The problem is not a shortage of scary movies on Netflix. There are hundreds. The problem is that most lists just tell you what to watch, not which one matches your mood tonight.
The best horror movies on Netflix in 2026 span psychological slow burns, creature features, international cinema, and genuinely acclaimed originals. The right one depends entirely on what kind of scared you want to be.
Quick summary:
- Scariest right now: The Ritual, Creep, His House
- Trending No. 1 globally: Thrash (released April 10, 2026)
- Psychological and slow-burn: Gerald’s Game, Under the Shadow
- Best overall: His House, 100% on Rotten Tomatoes, Sundance award-winner
- Zombie horror: Train to Busan, 95% on Rotten Tomatoes, No. 2 best zombie film of all time per RT.
This guide skips the generic plot summaries. Every pick below tells you what the experience of watching actually feels like, and who each film is genuinely for.

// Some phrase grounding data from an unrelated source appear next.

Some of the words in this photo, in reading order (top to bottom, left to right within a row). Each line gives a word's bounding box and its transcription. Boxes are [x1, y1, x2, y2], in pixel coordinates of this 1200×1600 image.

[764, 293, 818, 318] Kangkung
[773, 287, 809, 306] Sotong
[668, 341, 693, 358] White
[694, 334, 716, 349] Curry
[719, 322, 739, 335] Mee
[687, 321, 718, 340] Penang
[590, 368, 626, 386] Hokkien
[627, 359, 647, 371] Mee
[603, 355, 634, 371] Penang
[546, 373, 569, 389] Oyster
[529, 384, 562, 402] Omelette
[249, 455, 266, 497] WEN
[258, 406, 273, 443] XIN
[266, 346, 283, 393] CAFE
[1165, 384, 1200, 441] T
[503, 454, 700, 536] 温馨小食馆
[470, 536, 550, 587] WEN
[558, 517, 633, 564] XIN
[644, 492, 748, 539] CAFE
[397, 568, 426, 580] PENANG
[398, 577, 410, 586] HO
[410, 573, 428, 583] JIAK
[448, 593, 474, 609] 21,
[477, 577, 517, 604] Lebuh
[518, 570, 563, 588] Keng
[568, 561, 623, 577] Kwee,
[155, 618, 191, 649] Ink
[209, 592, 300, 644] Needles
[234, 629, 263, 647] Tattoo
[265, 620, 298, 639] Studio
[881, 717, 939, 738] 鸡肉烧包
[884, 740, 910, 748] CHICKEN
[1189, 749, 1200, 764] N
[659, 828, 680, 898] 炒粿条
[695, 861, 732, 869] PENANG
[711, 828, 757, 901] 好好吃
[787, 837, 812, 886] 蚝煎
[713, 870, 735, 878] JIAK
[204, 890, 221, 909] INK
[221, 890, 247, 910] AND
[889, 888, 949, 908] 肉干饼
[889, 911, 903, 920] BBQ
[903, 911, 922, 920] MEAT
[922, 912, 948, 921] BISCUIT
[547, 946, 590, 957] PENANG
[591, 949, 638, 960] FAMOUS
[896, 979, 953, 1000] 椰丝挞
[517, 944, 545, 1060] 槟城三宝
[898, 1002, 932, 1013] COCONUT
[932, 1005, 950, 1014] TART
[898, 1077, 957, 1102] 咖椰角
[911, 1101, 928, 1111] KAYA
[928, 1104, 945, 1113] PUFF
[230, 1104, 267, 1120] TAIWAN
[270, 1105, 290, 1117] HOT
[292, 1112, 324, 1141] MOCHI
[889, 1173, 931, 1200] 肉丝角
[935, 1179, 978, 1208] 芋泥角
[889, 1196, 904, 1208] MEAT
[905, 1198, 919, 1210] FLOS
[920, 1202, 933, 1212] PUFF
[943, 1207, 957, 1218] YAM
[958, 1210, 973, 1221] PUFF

Below are the Best Horror Movies on Netflix to Watch Right Now
| Movie | Sub-Genre | Rotten Tomatoes | Scare Level | Best For |
| His House | Supernatural / Drama | 100% | High | Everyone – emotional + terrifying |
| Train to Busan | Zombie | 95% | High | Action fans + horror fans |
| The Ritual | Folk / Creature | 74% | Very High | Isolation dread, atmosphere |
| Creep | Found Footage | 100% | Very High | Psychological unease |
| Gerald’s Game | Psychological | 91% | High | Solo watch, claustrophobic |
| Thrash | Creature / Disaster | 37% critics / High audience | Medium | Fun, Friday night viewing |
| Under the Shadow | Supernatural | 99% | High | International horror fans |
| Bird Box | Post-Apocalyptic | 64% | Medium | Mainstream, accessible |
| The Autopsy of Jane Doe | Mystery Horror | 86% | High | Suspense lovers |
| Godzilla Minus One | Kaiju / Drama | 98% | Medium | Emotional depth seekers |
Trending Best Horror Movies on Netflix
Thrash (2026): Currently No. 1 Globally
Released April 10, 2026: No. 1 in 90 out of 93 countries on Netflix
A Category 5 hurricane floods a coastal South Carolina town. The floodwaters bring hungry sharks. Phoebe Dynevor (Bridgerton) plays a pregnant woman trying to survive both.

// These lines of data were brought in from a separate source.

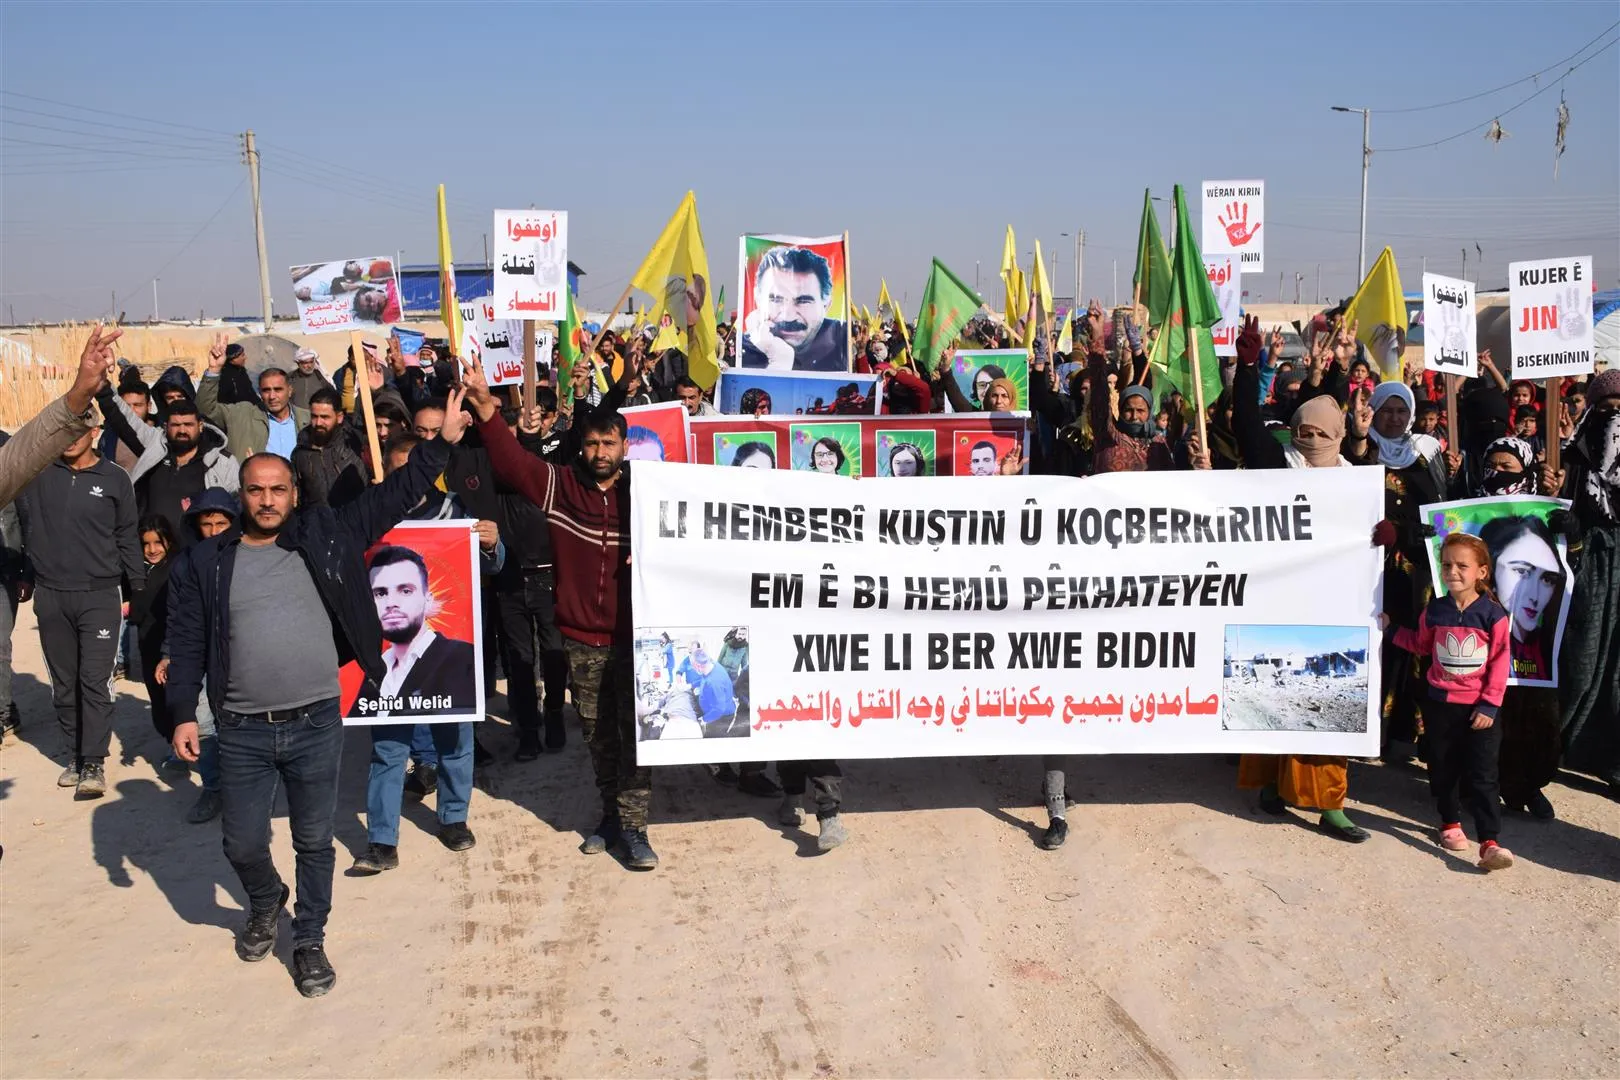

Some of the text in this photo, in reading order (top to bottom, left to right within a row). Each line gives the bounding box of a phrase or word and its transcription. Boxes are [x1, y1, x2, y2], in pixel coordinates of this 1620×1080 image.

[1206, 186, 1261, 198] WÊRAN KIRIN
[507, 213, 557, 243] أوقفوا
[501, 253, 535, 276] قتلة
[1519, 262, 1583, 287] KUJER Ê
[507, 289, 556, 313] النساء
[1432, 283, 1469, 310] أوقفوا
[1518, 304, 1558, 333] JIN
[484, 330, 510, 350] قتلة
[1434, 346, 1469, 368] القتل
[658, 500, 688, 539] LI
[878, 508, 1006, 552] KUŞTIN
[1020, 498, 1042, 546] Û
[750, 561, 1248, 611] EM Ê BI HEMÛ PÊKHATEYÊN
[792, 631, 1197, 673] XWE LI BER XWE BIDIN
[358, 694, 452, 715] Şehîd Welîd
[752, 685, 1219, 733] صامدون بجميع مكوناتنا في وجه القتل والتهجير

Stephen King publicly endorsed this one on social media, calling out the line “Mommy’s got to fight some f***ing sharks” as the best line of the year so far. That single quote tells you everything about the tone, this is loud, pulpy, creature-feature fun with real stakes and dark humour baked in.
Critics have been mixed (37% on Rotten Tomatoes), but audiences are watching in huge numbers. Director Tommy Wirkola (Violent Night) keeps things moving fast and never lets the premise collapse into pure absurdity.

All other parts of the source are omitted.